Lighting, Performance, and Health
Typically, when addressing lighting requirements, guidelines for green schools focus on energy-efficient lighting systems and the use of daylighting to further conserve energy. They also encourage access to views through the installation of windows.
For purposes of learning, performance, and productivity, lighting in a school building should allow people to see to read, to see others with whom they are communicating, and to perform other visual tasks associated with learning, teaching, and school administration. Lighting can be provided by electric sources or by daylight through windows, clerestories, and skylights. Typically, school buildings use a combination of electric lighting and daylight.
Electric lighting systems are made up of a series of components: luminaires, lamps (incandescent, fluorescent, high-intensity discharge [HID]), ballasts (except when using incandescent lamps), and controls. Electric lighting systems differ in the amount of power they require to operate and in the amount and direction of light they are able to generate for the design objectives. They also vary in their initial cost, ease of maintenance and commissioning, and expected life. Also important, electric lighting systems vary in their ability to provide good color rendering, low glare, low flicker, and low noise.
Fluorescent lighting systems are the most prevalent sources of general illumination in schools. Modern fluorescent systems (T8 and T5 lamps with electronic ballasts) can provide low cost, long life, high efficacy, good color, low noise, and low flicker. Other sources of illumination, including incandescent and HID, can be specified in schools to best accomplish specific design objectives, from outdoor applications such as sports fields to illuminating pictures or works of art (Rea and Bullough, 2001).
Windows are an important part of the school design.6 First and foremost, windows provide a view to the outside. They also provide high light levels and, when properly located, ideal eye-task-lighting geometries for reflective visual tasks (i.e., those other than self-luminous displays, such as computer screens, and audio visual presentations). Skylights and clerestories can also be beneficial sources of illumination even though they do not provide a view.
A key difference between designs with electric light and/or daylight is that electric light is almost always static, whereas daylight is ever changing over the course of a day, with weather conditions, and with season. Daylight will also be different from one school to another, depending on building orientation and site, local climate, and latitude, so a “cookie cutter” building design will rarely provide ideal lighting conditions. The dynamic nature of daylight, together with its wide range of intensities and geometries, demands a dedicated understanding of its interactions with the building and its spaces. In some circumstances it may be desirable to conduct detailed lighting, heating, and cooling simulations in order to gain such an understanding. The potential benefits of higher lighting levels, excellent color
and form rendition, views, and the temporal lighting qualities may justify this careful design requirement and additional analyses.

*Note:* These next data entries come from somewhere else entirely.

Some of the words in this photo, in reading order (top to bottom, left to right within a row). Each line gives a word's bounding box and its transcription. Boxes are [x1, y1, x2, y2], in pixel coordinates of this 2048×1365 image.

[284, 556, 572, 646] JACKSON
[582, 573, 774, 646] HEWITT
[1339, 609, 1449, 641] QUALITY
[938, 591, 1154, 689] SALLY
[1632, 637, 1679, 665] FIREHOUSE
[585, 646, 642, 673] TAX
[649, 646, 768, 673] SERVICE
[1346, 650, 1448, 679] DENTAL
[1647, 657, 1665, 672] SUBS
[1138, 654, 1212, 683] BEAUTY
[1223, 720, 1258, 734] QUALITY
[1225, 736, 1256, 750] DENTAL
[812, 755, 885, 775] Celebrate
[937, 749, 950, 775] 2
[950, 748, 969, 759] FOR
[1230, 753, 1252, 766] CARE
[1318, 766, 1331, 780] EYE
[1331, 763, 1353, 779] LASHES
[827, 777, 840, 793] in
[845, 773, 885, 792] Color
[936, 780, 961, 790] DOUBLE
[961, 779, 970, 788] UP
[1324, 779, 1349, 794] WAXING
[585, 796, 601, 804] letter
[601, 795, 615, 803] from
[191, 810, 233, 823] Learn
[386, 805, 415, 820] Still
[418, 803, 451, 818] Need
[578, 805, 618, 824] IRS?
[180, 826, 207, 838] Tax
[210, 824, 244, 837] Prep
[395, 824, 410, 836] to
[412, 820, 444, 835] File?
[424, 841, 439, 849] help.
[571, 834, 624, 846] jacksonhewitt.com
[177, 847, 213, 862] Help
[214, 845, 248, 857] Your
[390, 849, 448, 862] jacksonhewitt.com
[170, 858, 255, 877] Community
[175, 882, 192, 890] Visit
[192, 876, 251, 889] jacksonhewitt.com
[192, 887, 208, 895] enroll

LIGHTING AND ITS IMPACT ON THE VISUAL AND CIRCADIAN SYSTEMS
When evaluating the performance of any lighting system, electric or daylight, its impact on two biological systems—the visual and the circadian—needs to be considered together with the physical attributes of light that differentially affect these systems (Figure 4.1).
The Visual System
The visual system functions as a very quick remote-sensing mechanism that alerts us to changes in the environment and enables us to identify threats and opportunities around us. The visual system is fairly well understood for normal adult populations in regard to the effects of light on both appearance (what things look like) and visual performance (how well
visual information is processed). For example, there is a complete model of visual performance available for predicting the impact of background luminance (light level), target contrast, target size, and observer age from 18 to 65 years (Rea and Ouellette, 1991). Presumably, most school-age students should behave like 18-year-olds in regard to visual performance, but this has not been systematically studied. In general, given the characteristics of the visual response functions, it can probably be concluded that most lighting and task conditions are adequate for normal student visual performance. Going the next step, however, is more tenuous because there is no evidence that the quality or quantity of light directly affects student learning performance (Larson, 1965; Demos et al., 1967; Boyce et al., 2003).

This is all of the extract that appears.